*INSTRUCTIONS TO FOLLOW*. Repeat the listing below in full and exactly, but without its pictures.

*INPUT*.
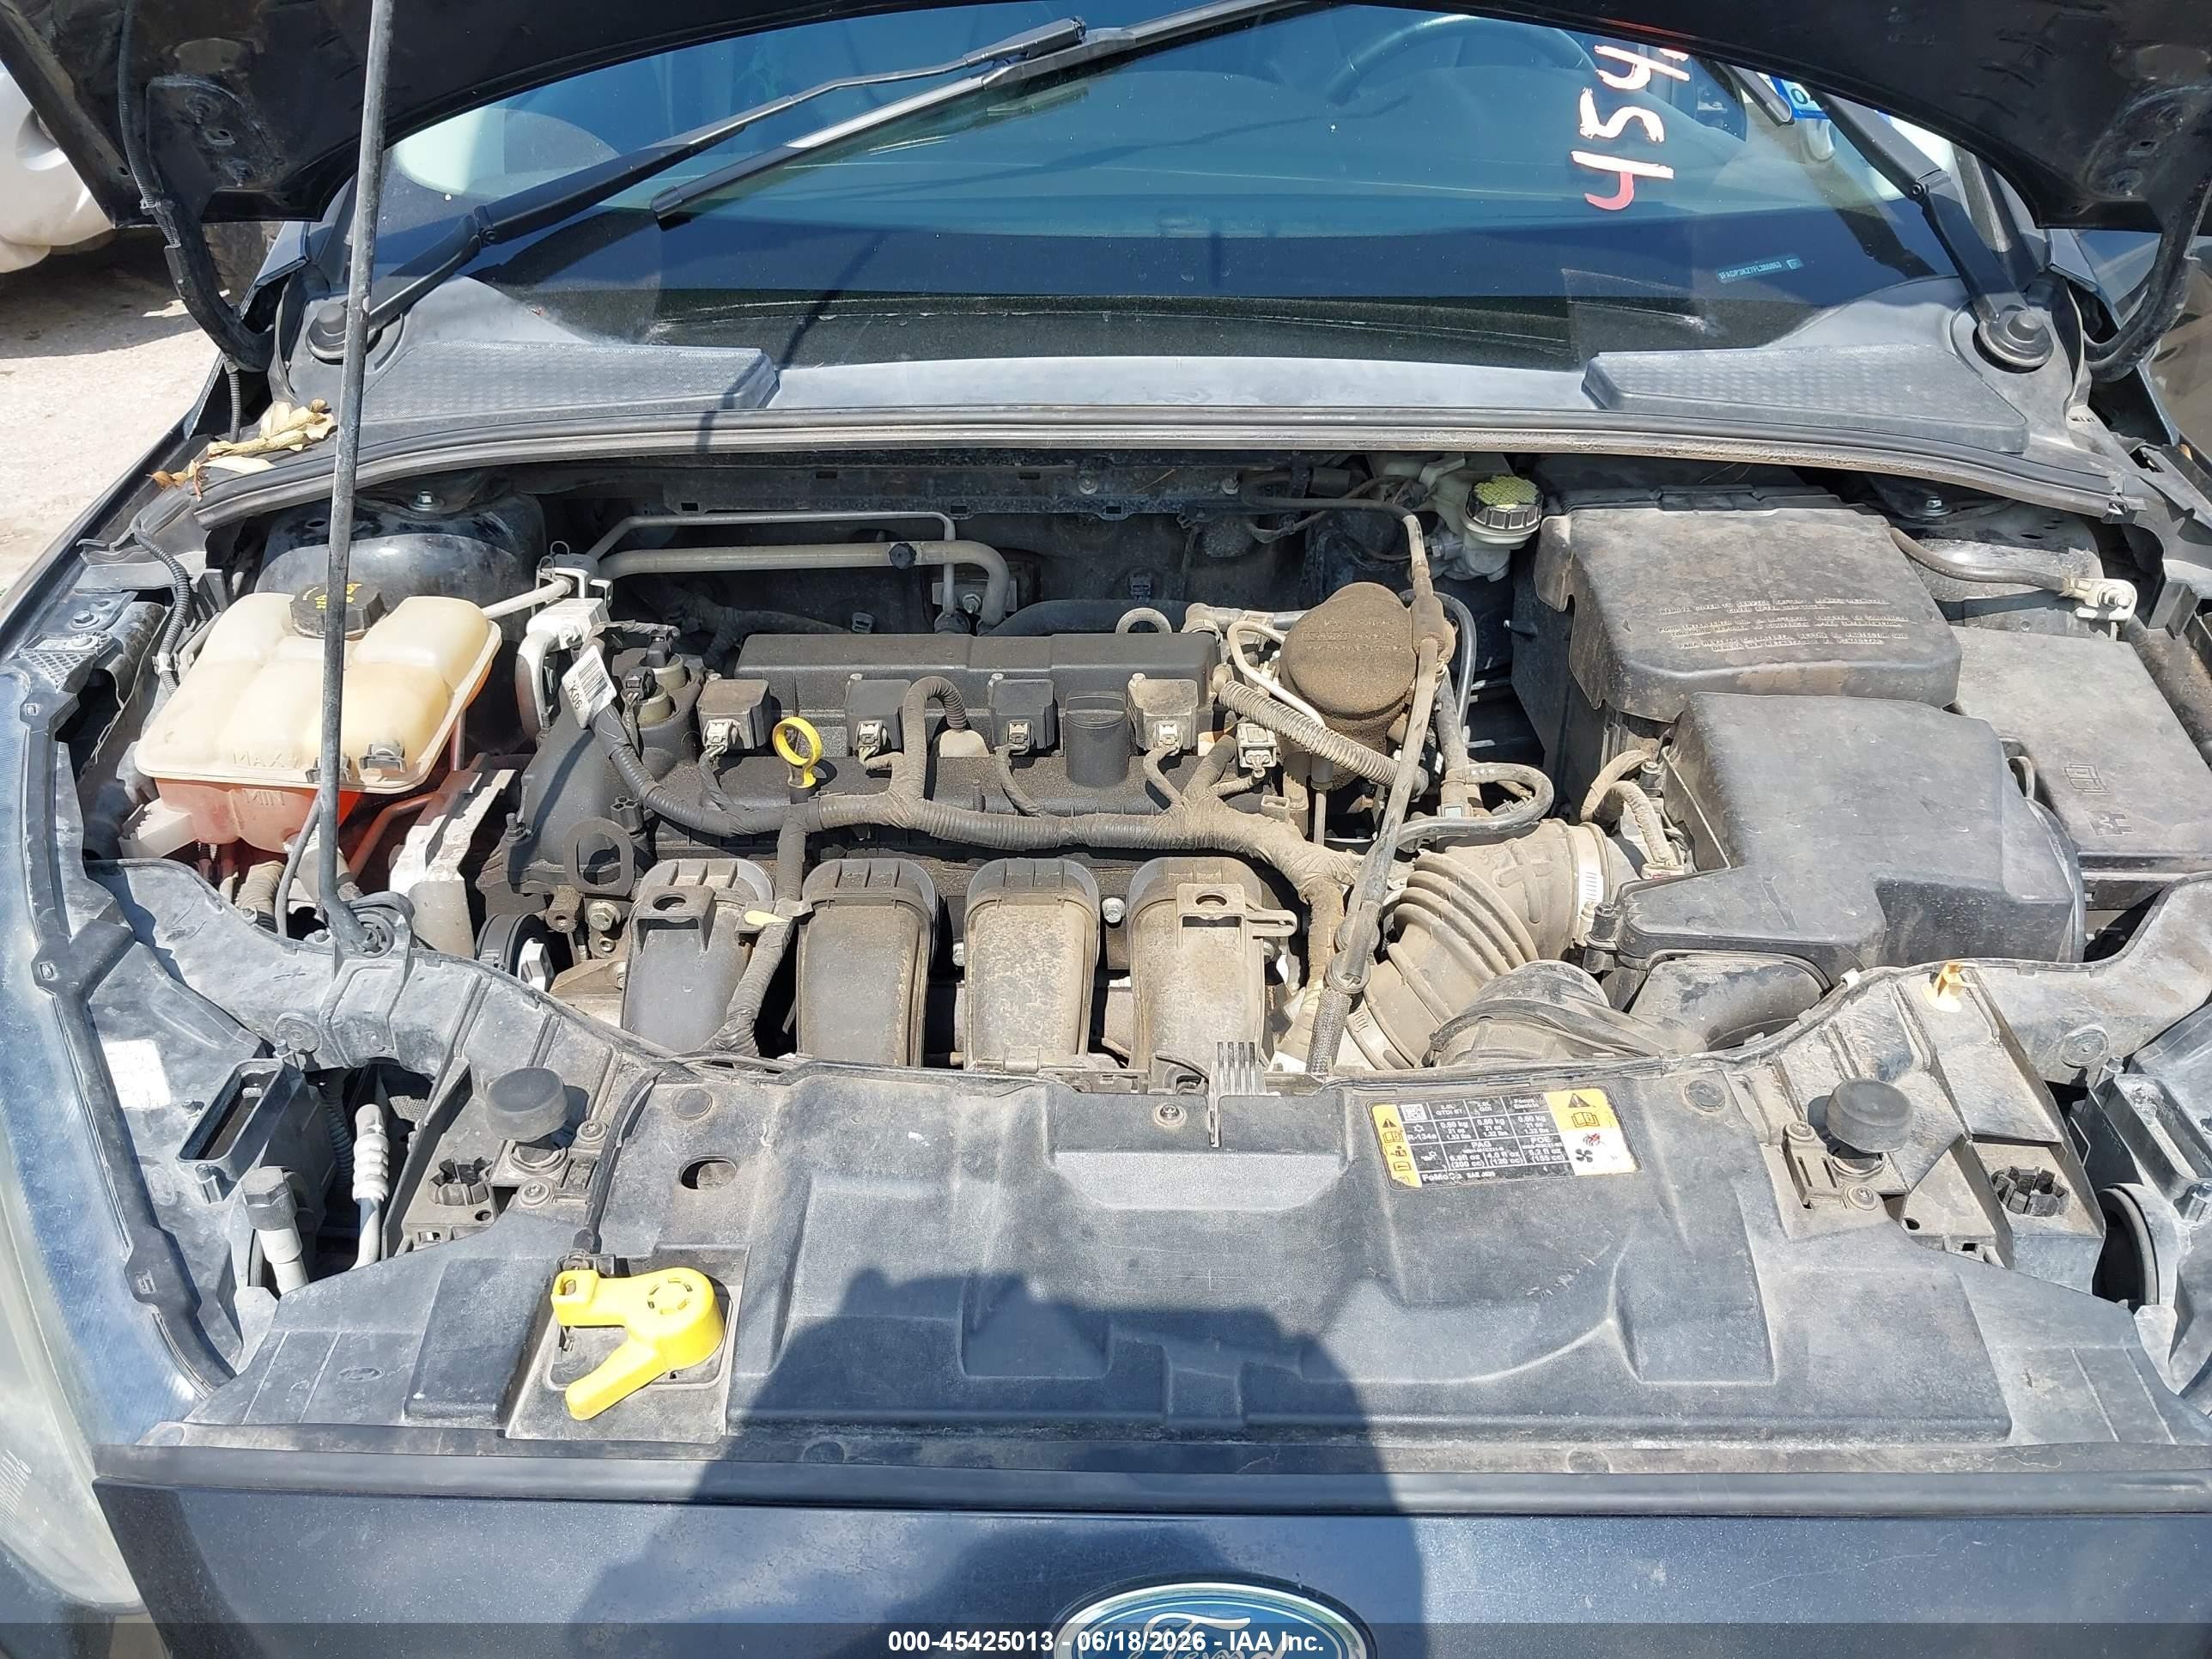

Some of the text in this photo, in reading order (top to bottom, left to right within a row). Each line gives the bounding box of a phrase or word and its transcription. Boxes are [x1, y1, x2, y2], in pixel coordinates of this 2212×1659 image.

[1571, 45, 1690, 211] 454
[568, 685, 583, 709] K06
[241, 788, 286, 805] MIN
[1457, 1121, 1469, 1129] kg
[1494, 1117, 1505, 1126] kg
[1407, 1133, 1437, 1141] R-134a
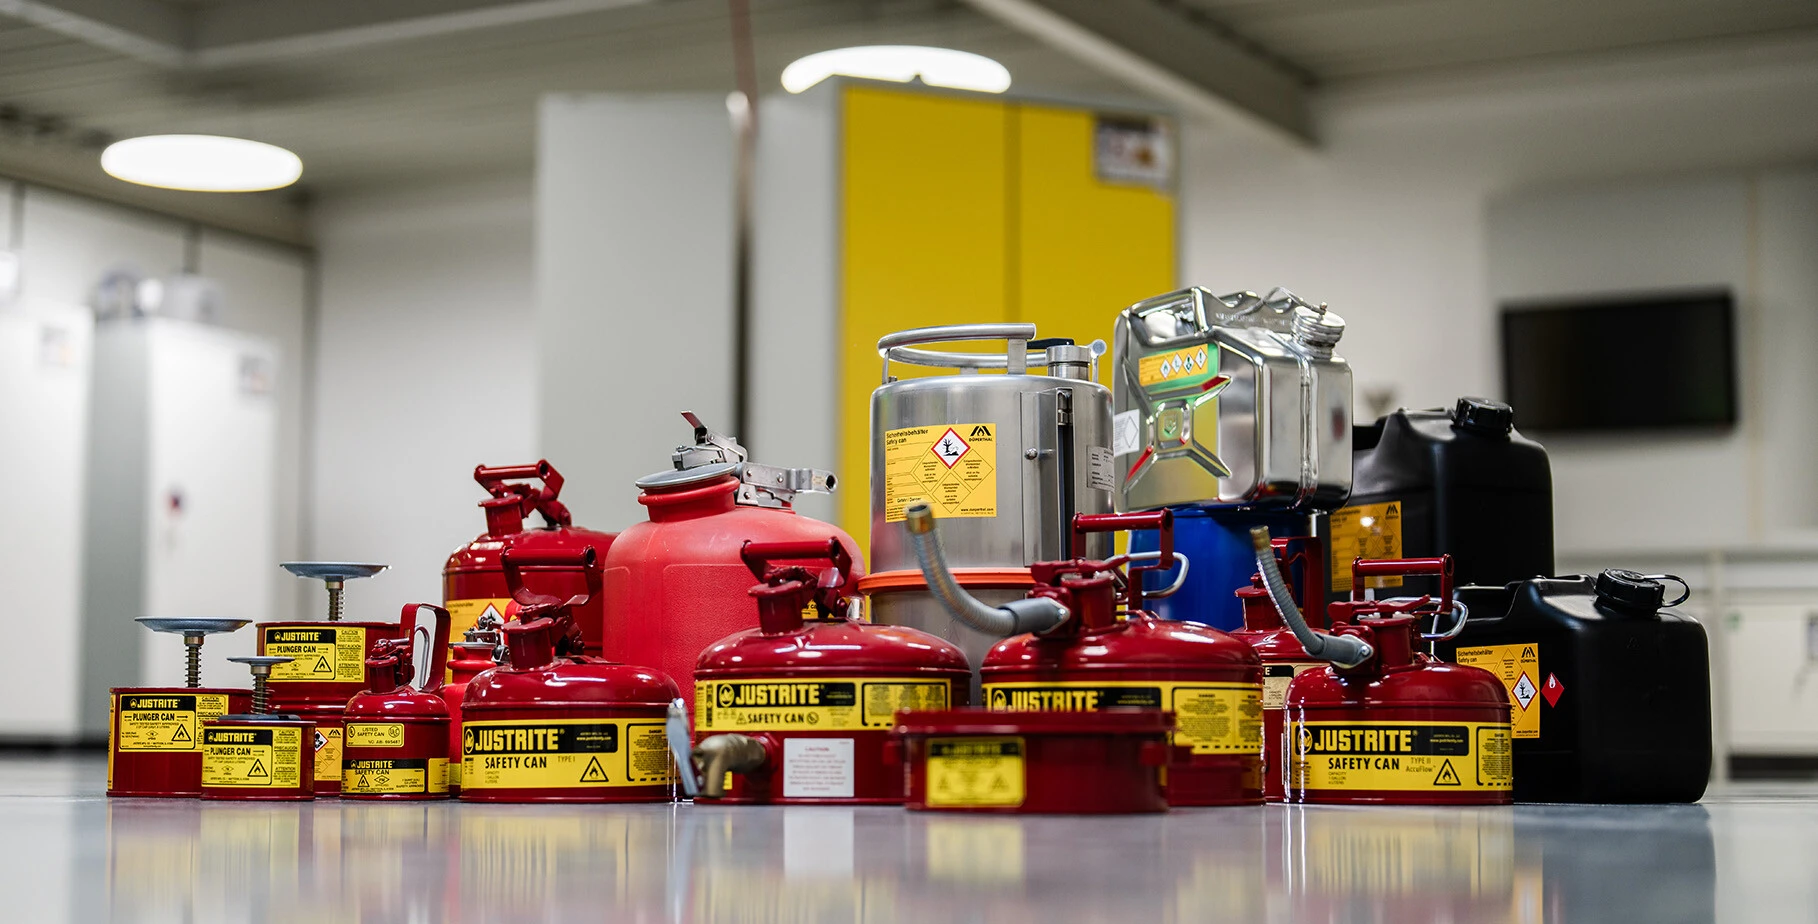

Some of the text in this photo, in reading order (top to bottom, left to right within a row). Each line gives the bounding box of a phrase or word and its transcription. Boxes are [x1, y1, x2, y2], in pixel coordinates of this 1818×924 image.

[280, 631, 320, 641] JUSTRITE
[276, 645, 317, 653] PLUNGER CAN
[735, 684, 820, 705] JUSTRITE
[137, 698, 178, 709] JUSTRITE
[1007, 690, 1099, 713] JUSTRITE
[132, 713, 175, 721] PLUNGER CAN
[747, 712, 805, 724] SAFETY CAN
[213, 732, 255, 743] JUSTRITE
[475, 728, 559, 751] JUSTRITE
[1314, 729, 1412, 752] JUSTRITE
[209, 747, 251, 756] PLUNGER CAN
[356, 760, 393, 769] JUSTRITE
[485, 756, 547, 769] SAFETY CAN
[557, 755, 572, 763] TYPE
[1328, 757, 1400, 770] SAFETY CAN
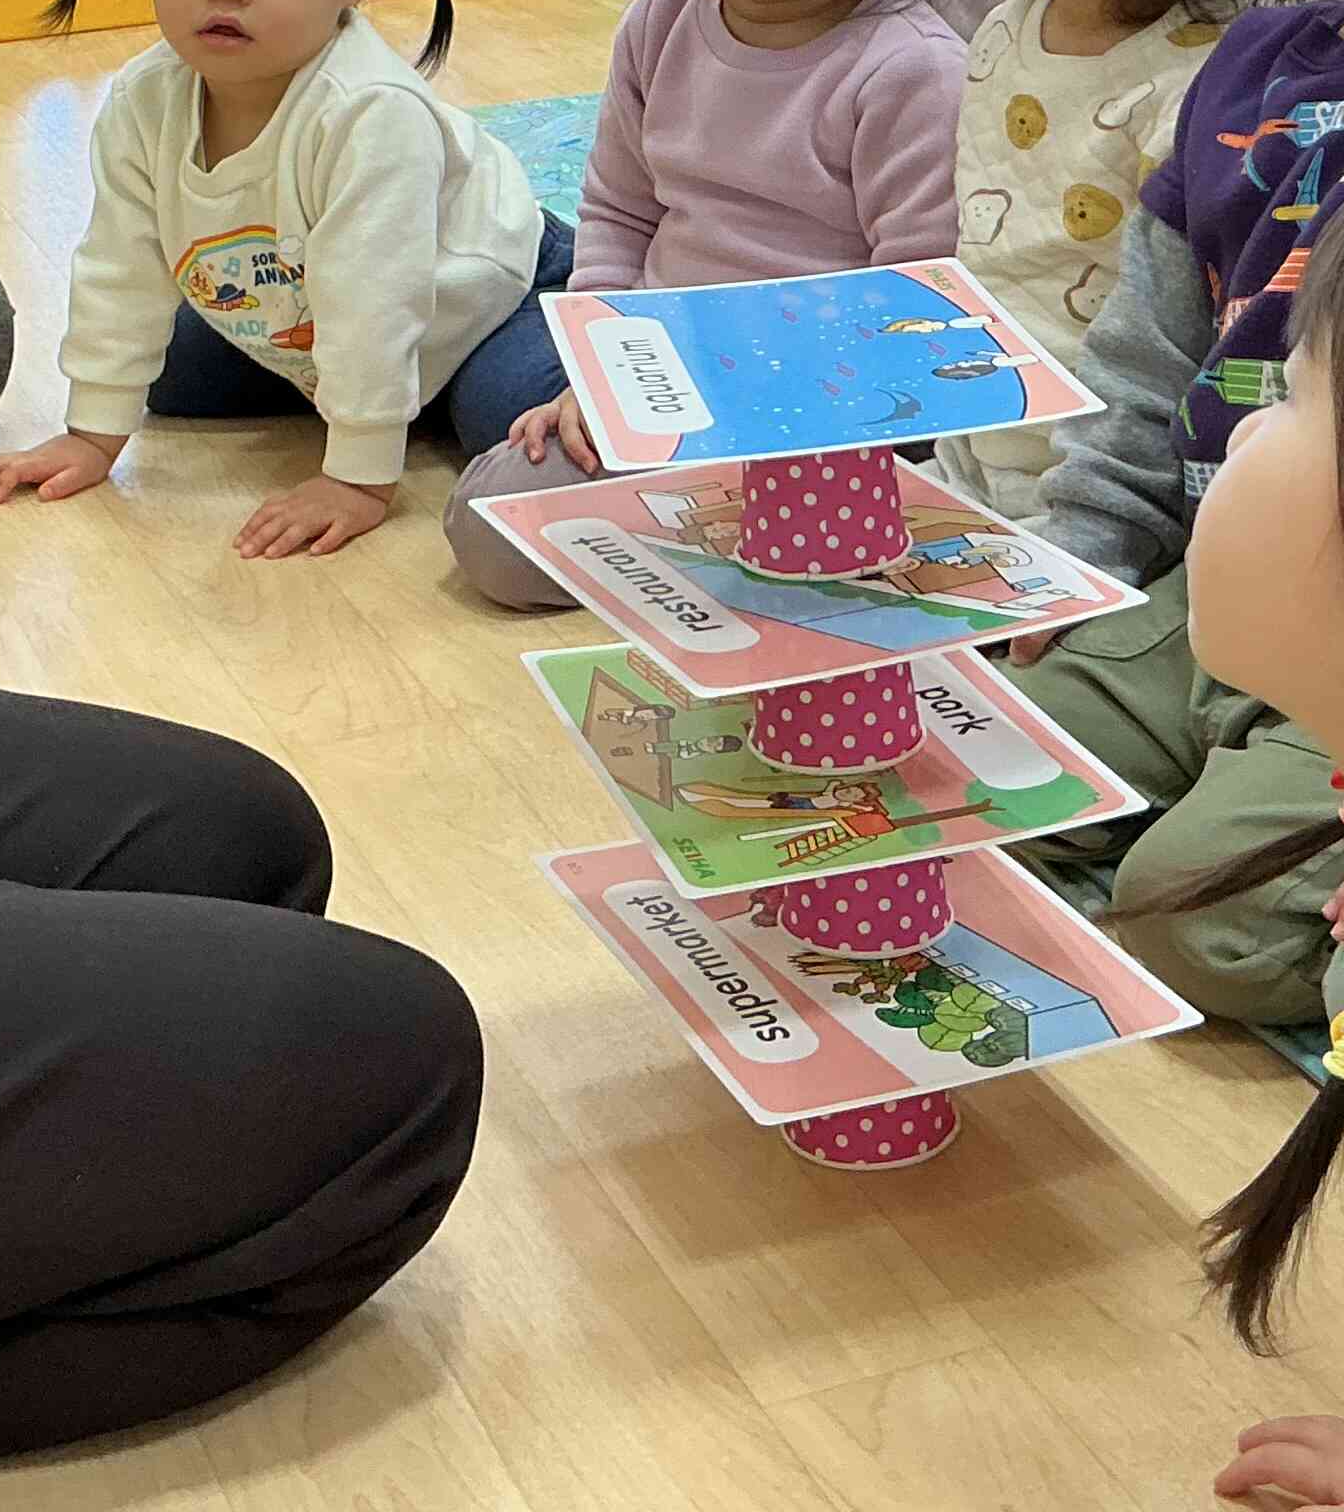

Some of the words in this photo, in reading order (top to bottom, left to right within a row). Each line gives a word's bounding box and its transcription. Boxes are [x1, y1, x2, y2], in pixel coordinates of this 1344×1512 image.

*SOLUTION*.
Some of the text in this photo, in reading order (top to bottom, left to right within a row). Each line gives the bounding box of a phrase or word and its transcription. Boxes are [x1, y1, x2, y2], in pixel coordinates of this 2212×1659 image.

[1571, 45, 1690, 211] 454
[568, 685, 583, 709] K06
[241, 788, 286, 805] MIN
[1457, 1121, 1469, 1129] kg
[1494, 1117, 1505, 1126] kg
[1407, 1133, 1437, 1141] R-134a

Some of the text in this photo, in reading order (top to bottom, left to right within a row). Each line gives the bounding box of a phrase or word and its transcription. Boxes are [x1, y1, x2, y2], in pixel coordinates of this 1818×924 image.

[280, 631, 320, 641] JUSTRITE
[276, 645, 317, 653] PLUNGER CAN
[735, 684, 820, 705] JUSTRITE
[137, 698, 178, 709] JUSTRITE
[1007, 690, 1099, 713] JUSTRITE
[132, 713, 175, 721] PLUNGER CAN
[747, 712, 805, 724] SAFETY CAN
[213, 732, 255, 743] JUSTRITE
[475, 728, 559, 751] JUSTRITE
[1314, 729, 1412, 752] JUSTRITE
[209, 747, 251, 756] PLUNGER CAN
[356, 760, 393, 769] JUSTRITE
[485, 756, 547, 769] SAFETY CAN
[557, 755, 572, 763] TYPE
[1328, 757, 1400, 770] SAFETY CAN

Some of the words in this photo, in reading order (top to bottom, left to right within a row). Each line gives a word's bounding box and its transcription. Boxes are [x1, y1, x2, y2], in pixel coordinates of this 1344×1512 image.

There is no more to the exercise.